Chelsea manager Jose Mourinho plans to stick with the English Premier League club for 12 seasons despite accepting his 'worst contract' in six years.
The Portuguese rejoined the London outfit, with whom he won league titles in 2005 and 2006, in June after trophy-laden years spent in Italy and Spain with Inter Milan and Real Madrid.
"Realistically I hope at the end of those four years we sit, analyse the situation and that will be the point where we both - club and me - are happy to carry on or happy to separate," British media quoted Mourinho as saying of his contract on Monday.
"But I would like, say, 12 years. I'm 51 next month. I'd say 12 years, and then two to go to a World Cup with a national team. I would prefer the Portuguese national team. England second (choice)."
He left Porto after winning the Champions League in 2004 to join Chelsea where he left in September 2007, the start of his fourth season, following a breakdown of relations with the club and a falling out with billionaire owner Roman Abramovich.
He then joined Inter in 2008, lifting five trophies before departing to Spain in 2010 as he ended Barcelona's run of league championships before departing last May amid dressing room divisions.
He had been tipped to replace Alex Ferguson, who stepped down after 26 years at Manchester United in May, but Mourinho plumped for a return to Chelsea, where he remains revered for bringing them a first title in 50 years.
"There were a lot of teams (offered to me) who could be successful immediately in my hands," Mourinho said.
"I had Real Madrid. I left them because I wanted to, not because they wanted me to.
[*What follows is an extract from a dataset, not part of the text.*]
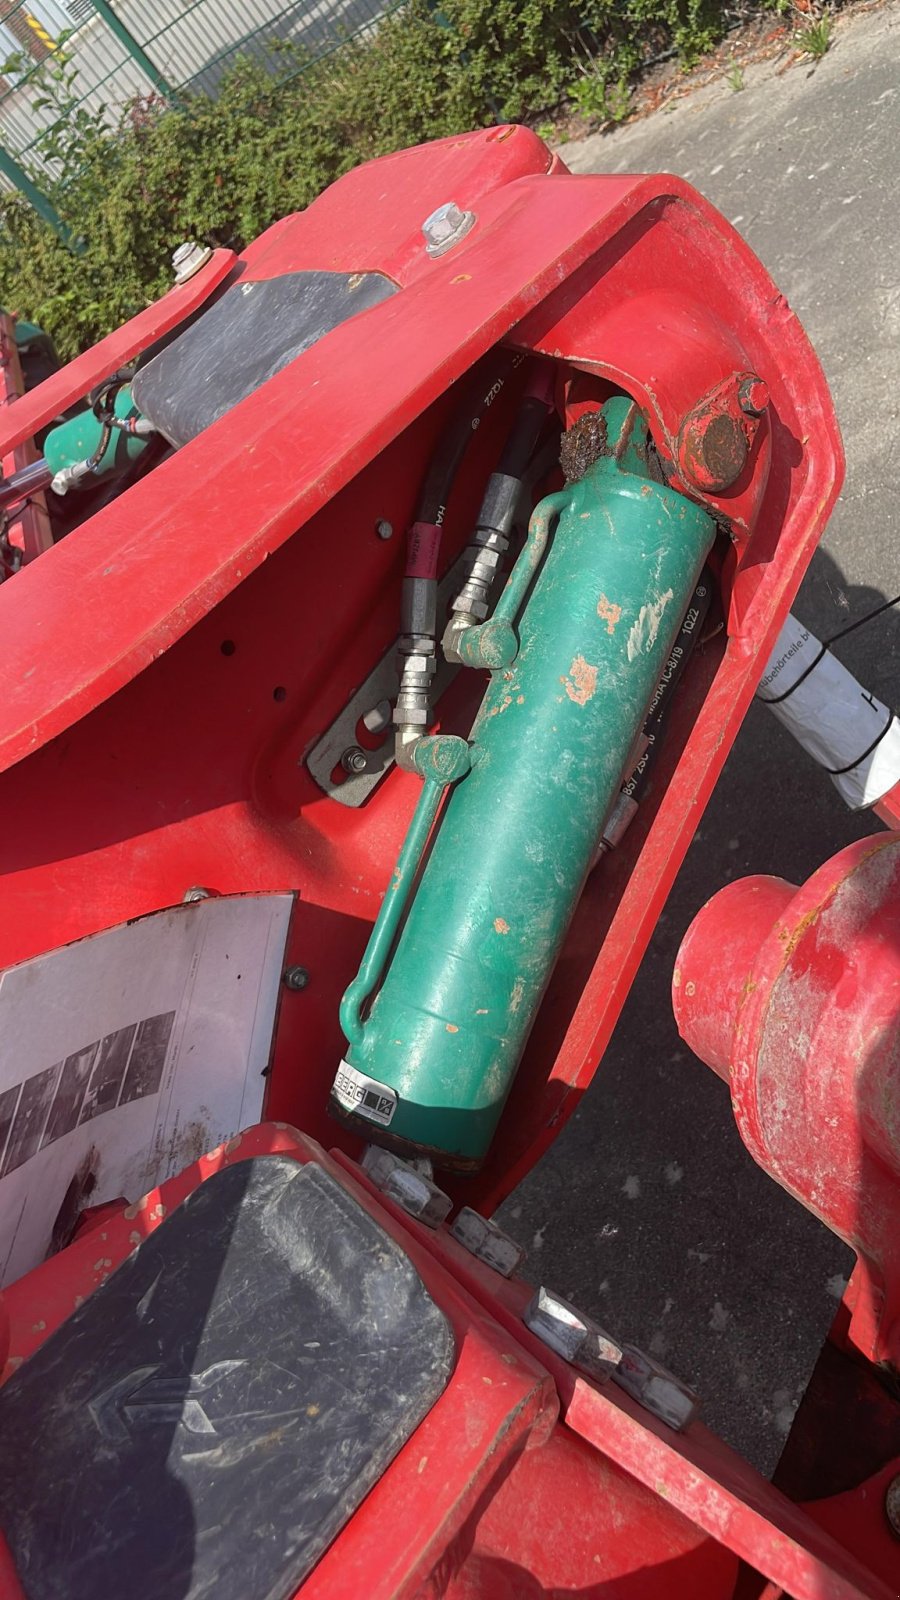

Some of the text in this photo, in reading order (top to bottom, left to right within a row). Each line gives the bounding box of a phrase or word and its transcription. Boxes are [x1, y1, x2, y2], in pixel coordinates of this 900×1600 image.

[484, 377, 505, 407] 1Q22
[661, 647, 683, 682] IC-8/19
[682, 608, 700, 634] 1Q22
[336, 1073, 365, 1102] BERG
I had other clubs in other countries where it would be easier to go and find an easy job immediately.
"If I was here for financial reasons, I wouldn't be here getting a lot less money than I had at Real Madrid, where I had three more years on my contract.
"I didn't come here because the job was easy, or because I had a team ready to attack the title, or because I was coming here for the best contract of my life.
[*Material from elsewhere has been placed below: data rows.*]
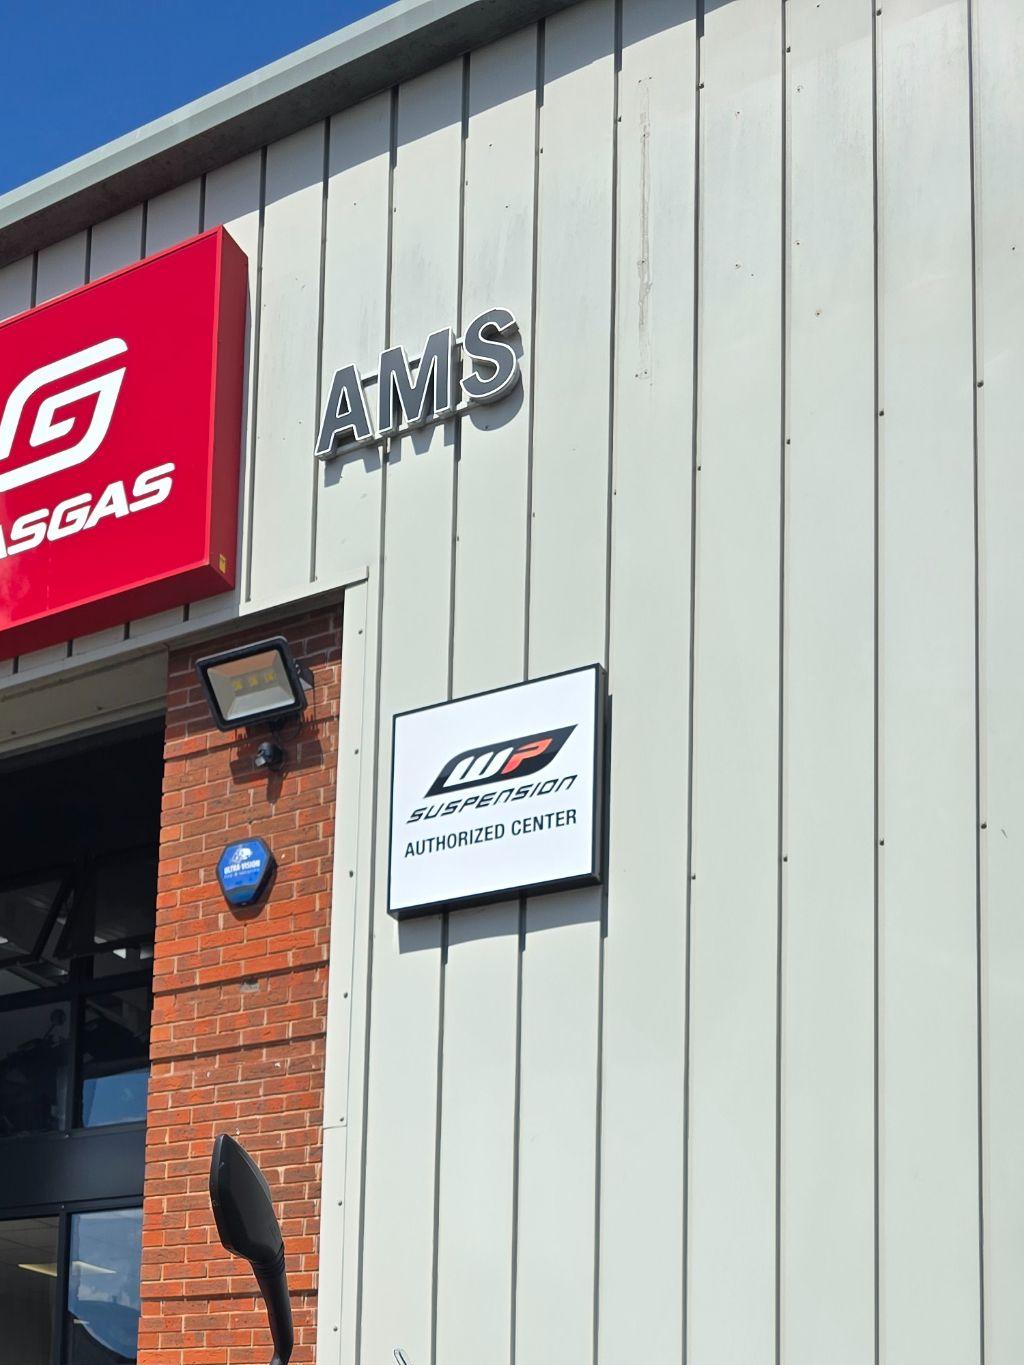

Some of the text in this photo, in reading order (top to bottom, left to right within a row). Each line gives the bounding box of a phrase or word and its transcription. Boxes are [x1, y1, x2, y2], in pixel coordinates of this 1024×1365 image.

[314, 306, 517, 457] AMS
[405, 774, 579, 825] SUSPENSION
[404, 808, 578, 859] AUTHORIZED CENTER
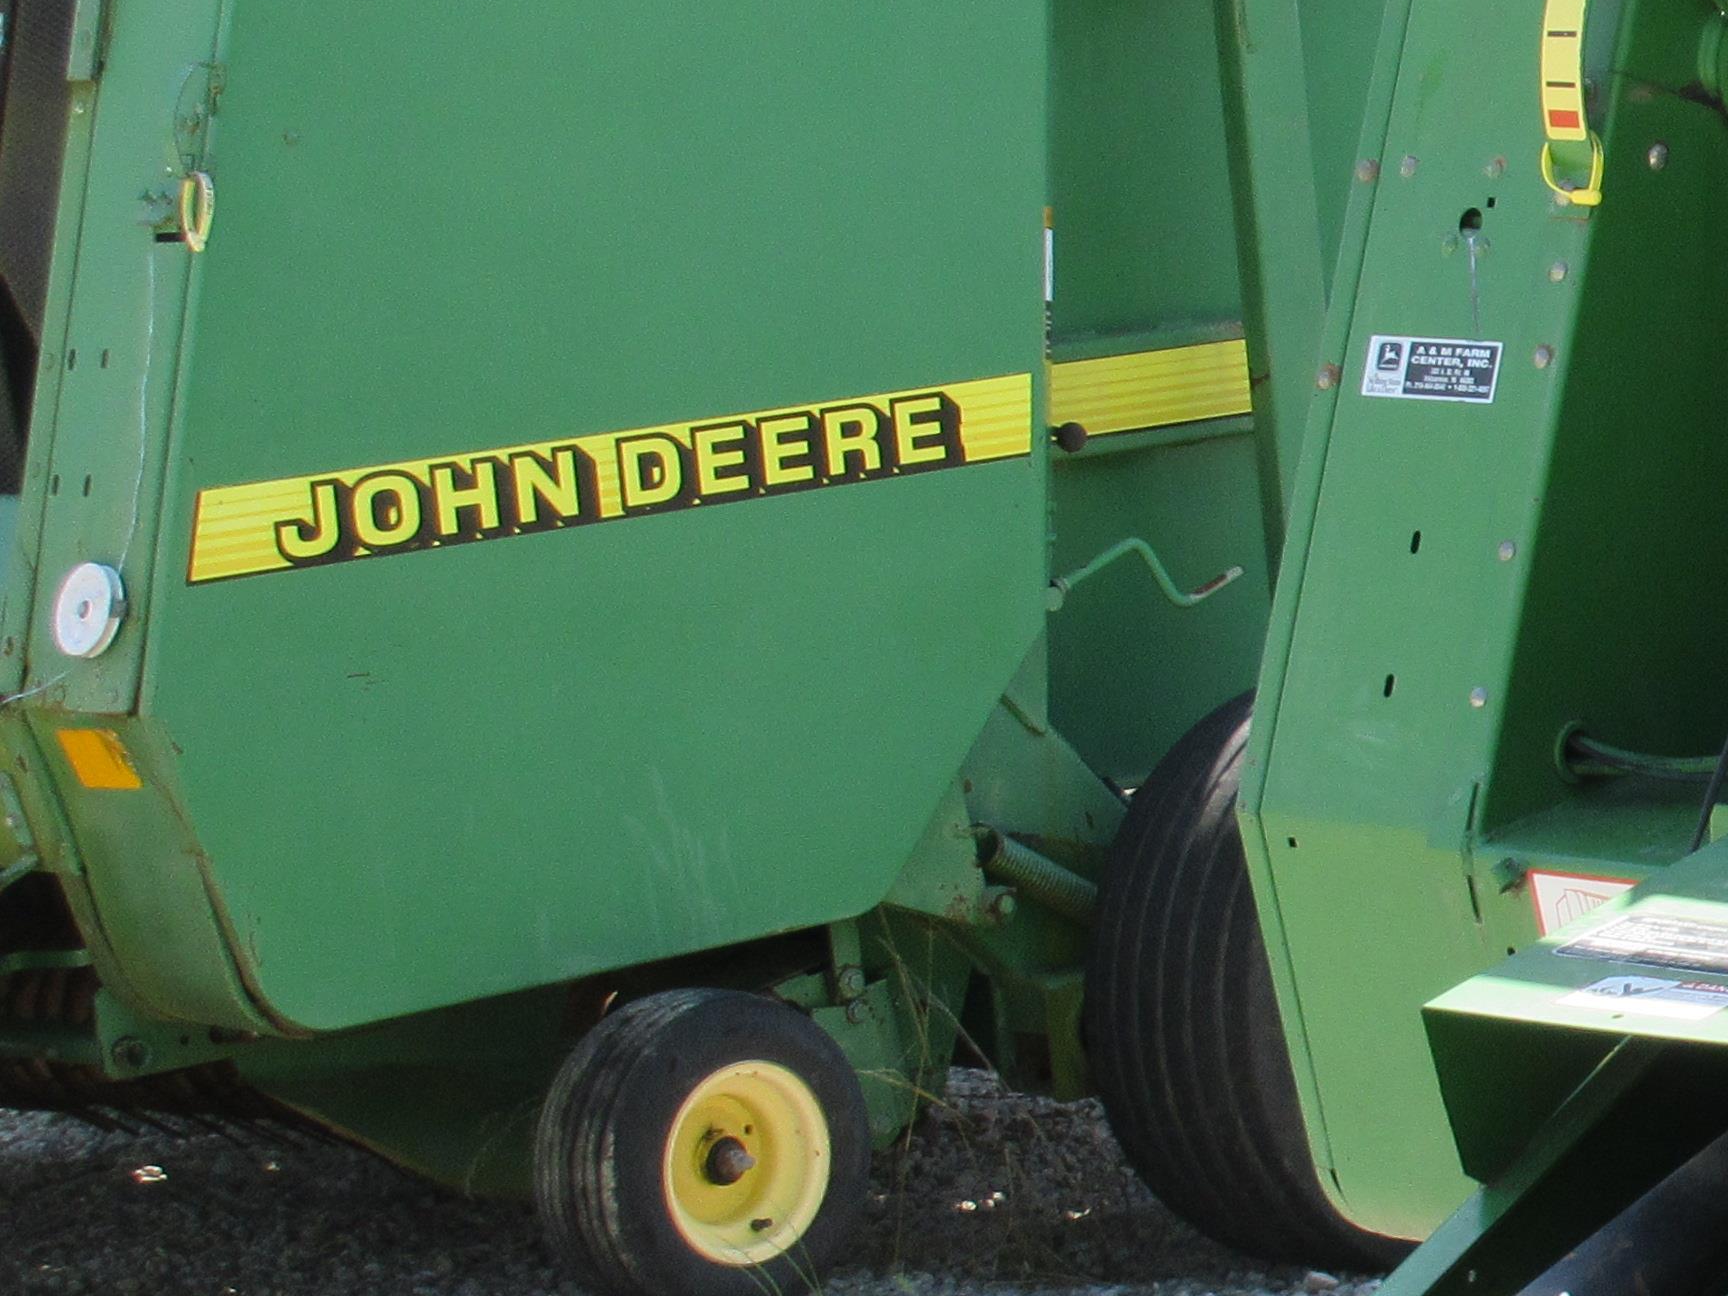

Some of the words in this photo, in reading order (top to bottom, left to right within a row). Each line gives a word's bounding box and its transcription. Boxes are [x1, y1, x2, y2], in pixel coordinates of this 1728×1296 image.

[1417, 346, 1425, 355] A
[1429, 346, 1437, 355] &
[1441, 347, 1452, 356] M
[1456, 348, 1491, 358] FARM
[1411, 356, 1463, 368] CENTER,
[1468, 359, 1492, 368] INC.
[274, 446, 597, 567] JOHN
[619, 391, 960, 510] DEERE
"It's the worst of my last six years. I'm here because I love the club, I love the project. It's a different project."
The project involves tightening a leaky defence and finding a formula to attain more goals from his struggling strikers.
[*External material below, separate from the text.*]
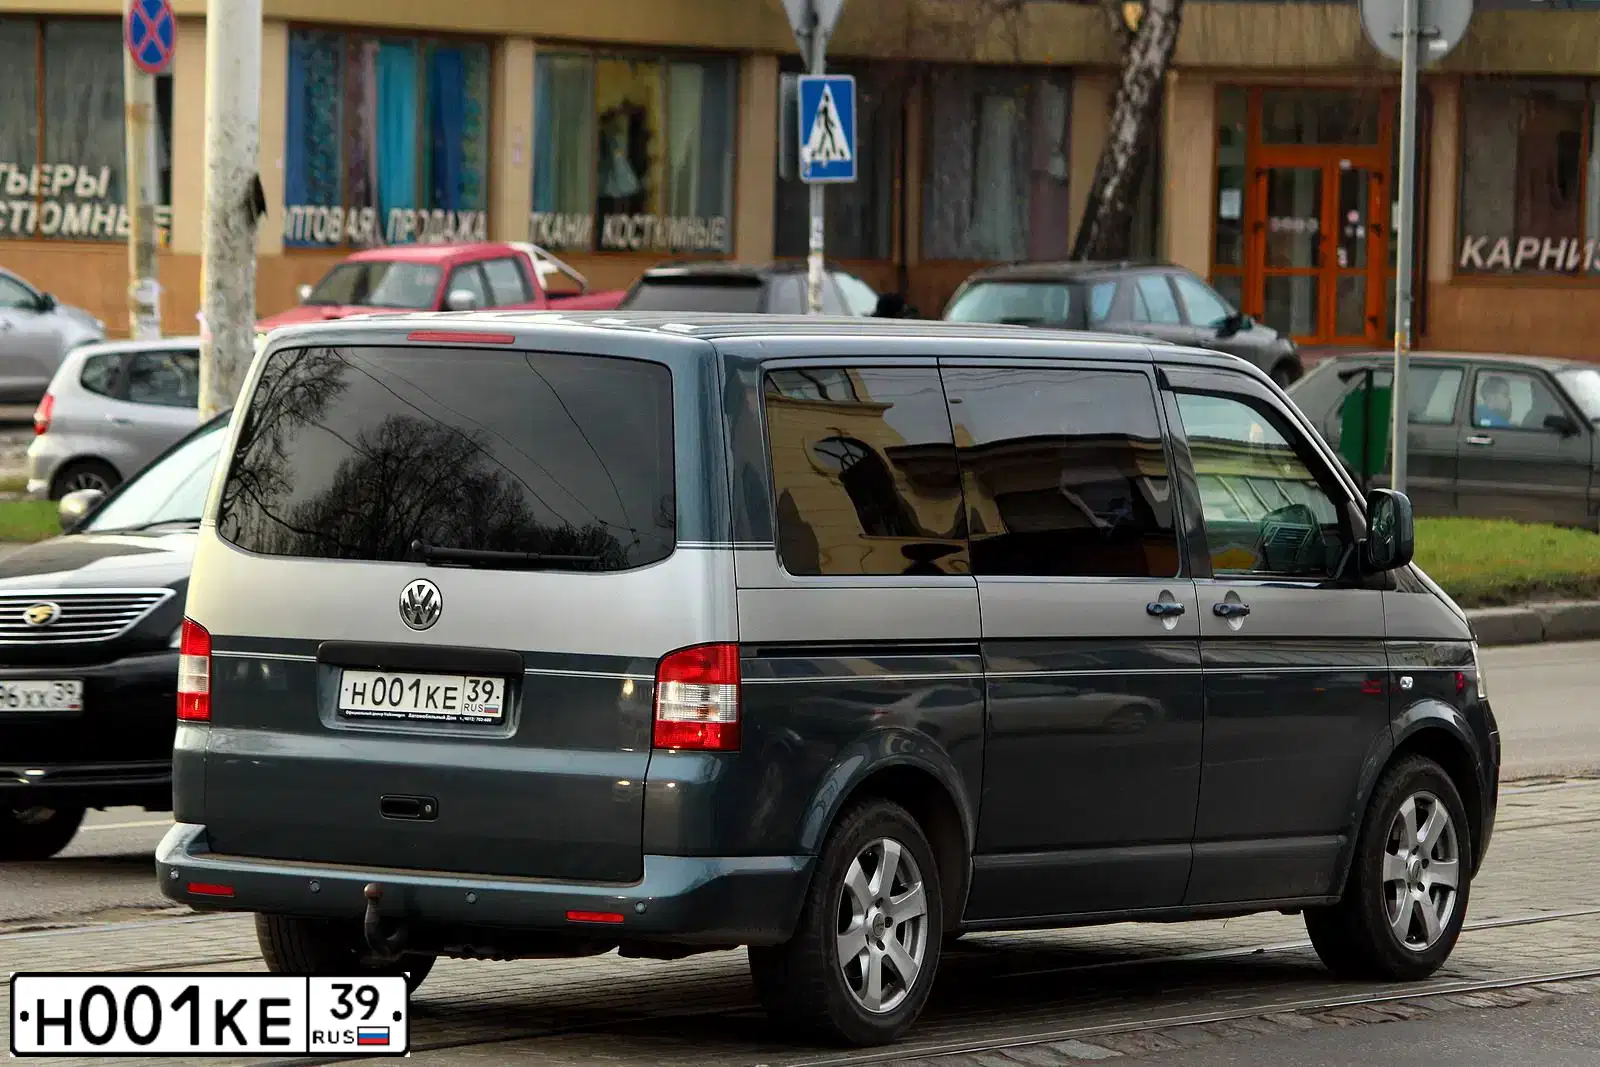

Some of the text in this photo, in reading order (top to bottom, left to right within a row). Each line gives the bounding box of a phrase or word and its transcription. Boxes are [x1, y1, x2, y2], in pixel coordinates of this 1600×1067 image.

[386, 207, 488, 243] ПРОДАЖА
[601, 213, 727, 248] КОСТЮМНЫЕ
[351, 676, 494, 710] Н001КЕ 39
[463, 703, 484, 713] RUS
He also needs to help bring through a talented pool of youngsters to replace an ageing generation in John Terry, Ashley Cole and Frank Lampard - all key elements of his team during his first reign at Stamford Bridge.
The Portuguese said Chelsea would have a 'phenomenal team' next season with the arrival of some marquee signings to go along with his development of the current crop - if he is provided time.
Abramovich has employed seven permanent or interim managers in between Mourinho's two spells in charge, little wonder the Portuguese pushed for patience.
"The best way to (run a club) is to do it with stability. For the players, if you want to help them grow up, you do that much better with stability. In ideas, philosophy, model of play, style of leadership," he said.
"This all comes from stability at the highest level, with the owners and board and, after that, the manager.
"The second line of the hierarchy. That stability is very important. You look, for example, to Manchester United and everybody feels David (Moyes) will have his time to do his work in a calm way. I think that's fantastic."